I want to write a book.

Can we talk about writery stuff?

I want to write a book.  I feel it tumbling around inside of me.

The thing is, I also...

...stay at home with a 2 year old and a 5 year old.  I'm committed to them.  I do everything I can to make them happy and healthy and safe every moment of every day.  They make the sun come up in the morning. Which is to say that they take up all my time and energy.

...spend an hour five days per week working out.  I recently, finally, alluded to my health issues.  It's really important to me that I'm doing everything I can to be strong and healthy.

...get paid to write a health column. 

...try to keep up with this blog.

At the end of every day, I've spent literally hours writing.  I love it.  I love getting paid to write.  I love sharing my thoughts here.  I love that I have the stamina and resolve to write for hours every day.

But, I also think about how it would be nice if I was working for hours every day on writing a book.

I wrote a book, once, and it was an amazing, important experience for me.  It changed who I am and what I want to be.  Years have gone by since then and I've learned a lot about not putting everything I've got inside of me into one piece of writing, about not using up all the words in the world.  I've been a little gun shy about starting a second book.  I've felt nervous that I didn't have it in me to gut myself again, to rearrange my marriage and our schedule and turn down lunch dates on the weekend so that I could write.  I've felt like I couldn't make up another story that would ever be as important to me as THAT one.  That I could never love anybody like I loved THAT one. 
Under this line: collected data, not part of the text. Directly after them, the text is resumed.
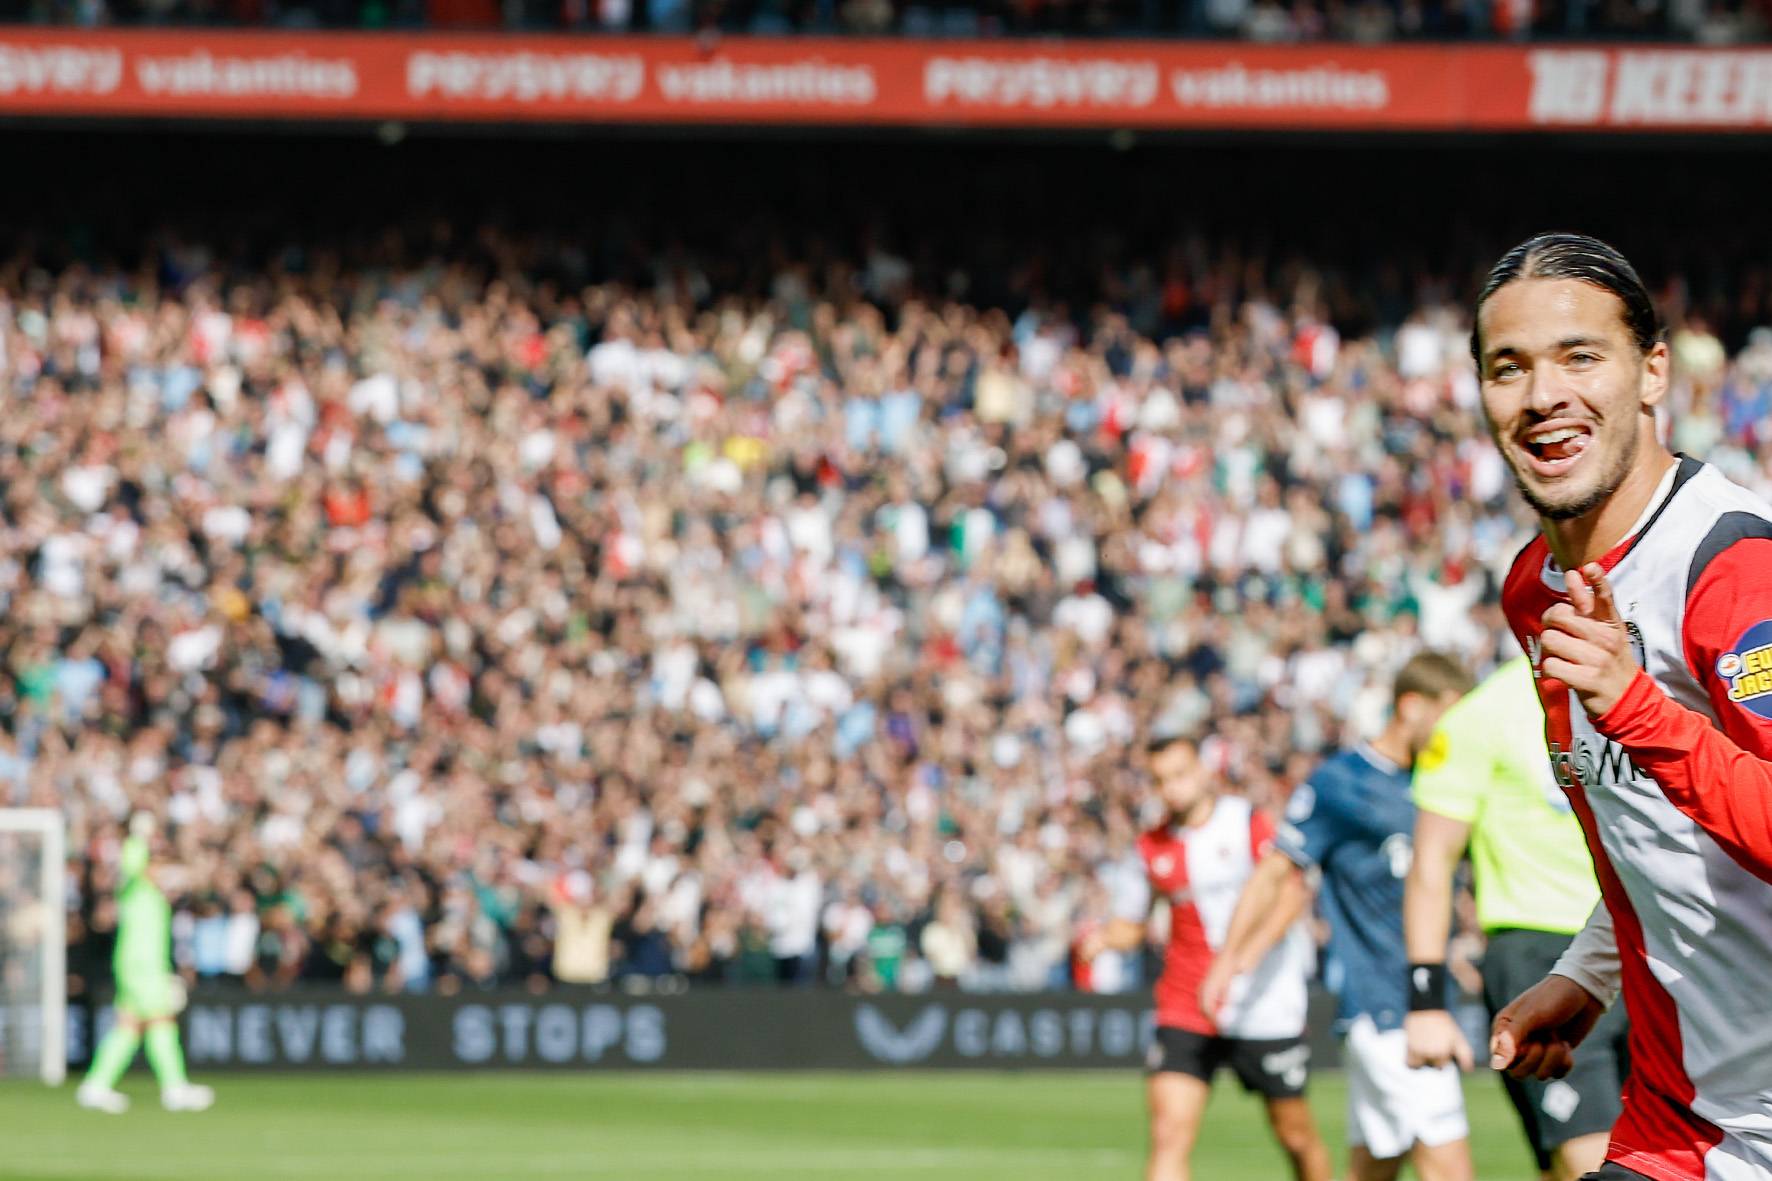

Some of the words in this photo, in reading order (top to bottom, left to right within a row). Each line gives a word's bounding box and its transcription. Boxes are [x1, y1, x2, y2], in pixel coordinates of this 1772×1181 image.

[137, 49, 358, 97] vakanties
[658, 54, 876, 104] vakanties
[1172, 62, 1388, 109] vakanties
[189, 1005, 405, 1062] NEVER
[453, 1004, 666, 1062] STOPS
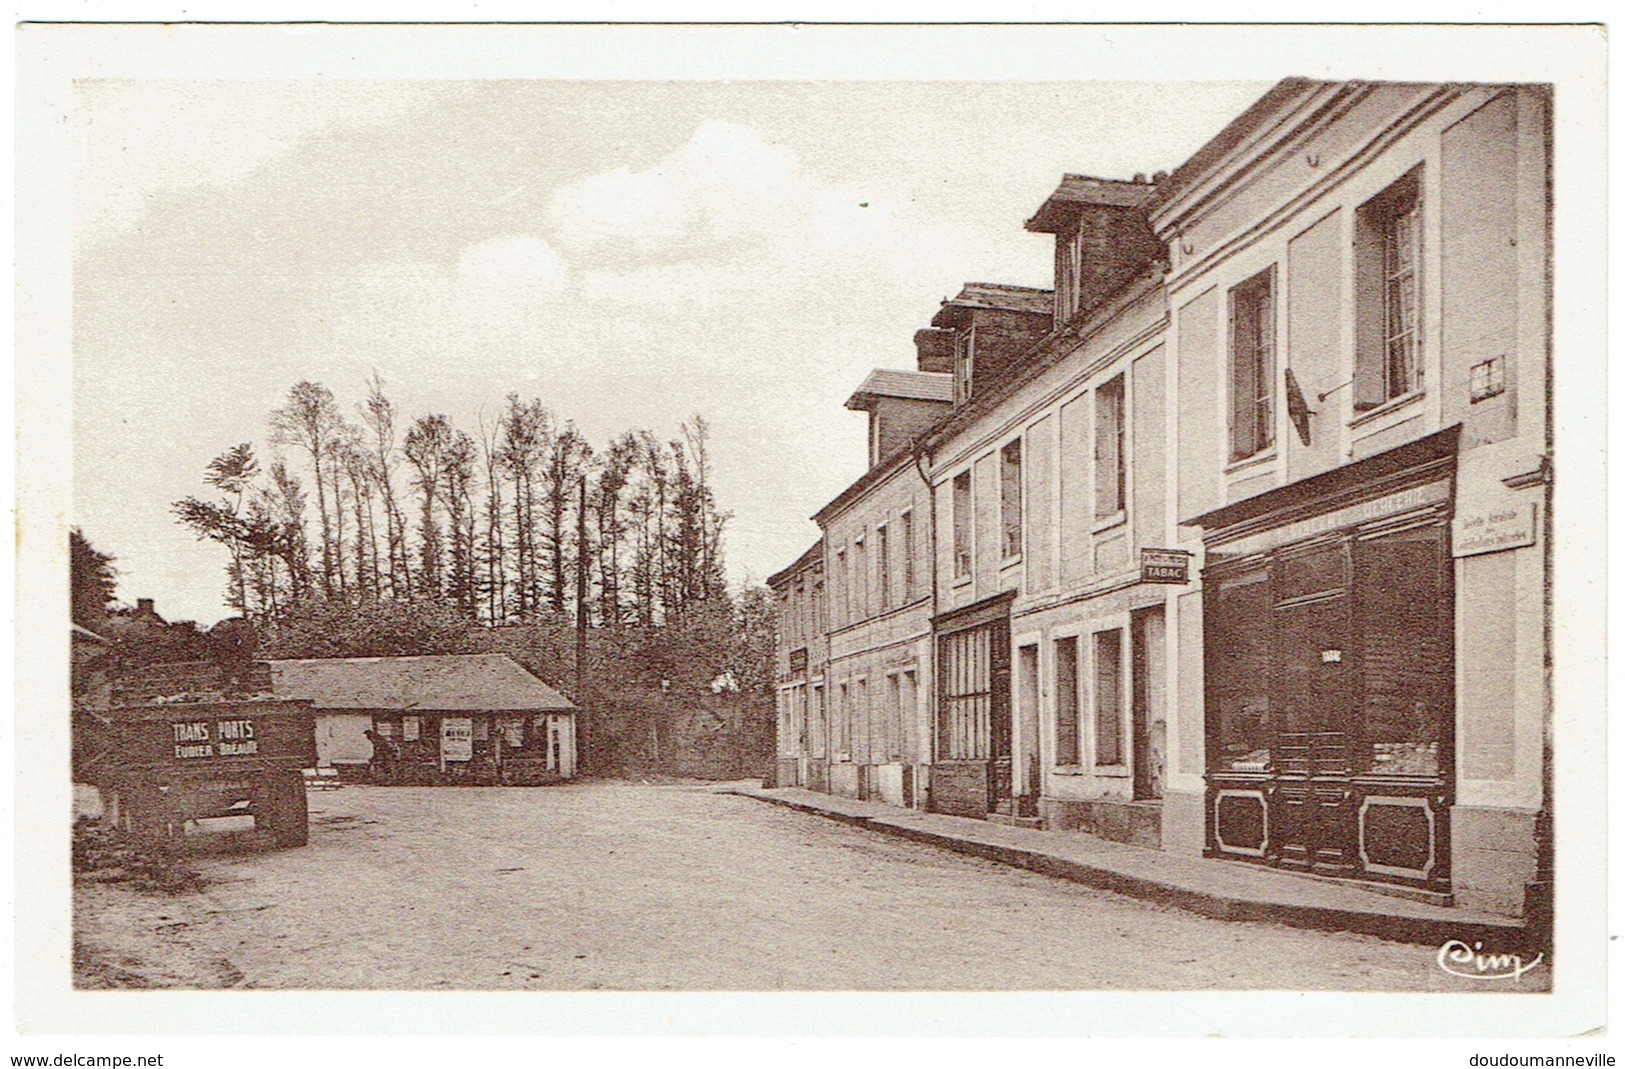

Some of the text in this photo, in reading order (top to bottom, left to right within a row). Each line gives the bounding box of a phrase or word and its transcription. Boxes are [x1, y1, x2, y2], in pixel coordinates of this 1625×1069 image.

[1147, 567, 1182, 577] TABAC
[173, 720, 253, 741] TRANS PORTS
But, I feel like I'm ready, now.  Expect... when am I supposed to do this, exactly?

Something would have to give.  I simply don't have any time or energy left over to commit to another project without closing something down.  The girls get all of my time, from the moment I open my eyes until Daddy gets home at 5:30.  That leaves me 2-3 hours in the evenings to do everything else I need to do.  It's hard to be a person who gets shit done when you only have 2 hours, do you know what I mean?

So, I don't know what I'm saying, exactly.  I need a stand in to make breakfast and pick out school clothes, maybe.  I need to get up early to go to the gym, maybe.  I need to stay up later and wake up earlier.  I need to quit working or quit blogging.  I need a little necklace that turns back time.  What do you think?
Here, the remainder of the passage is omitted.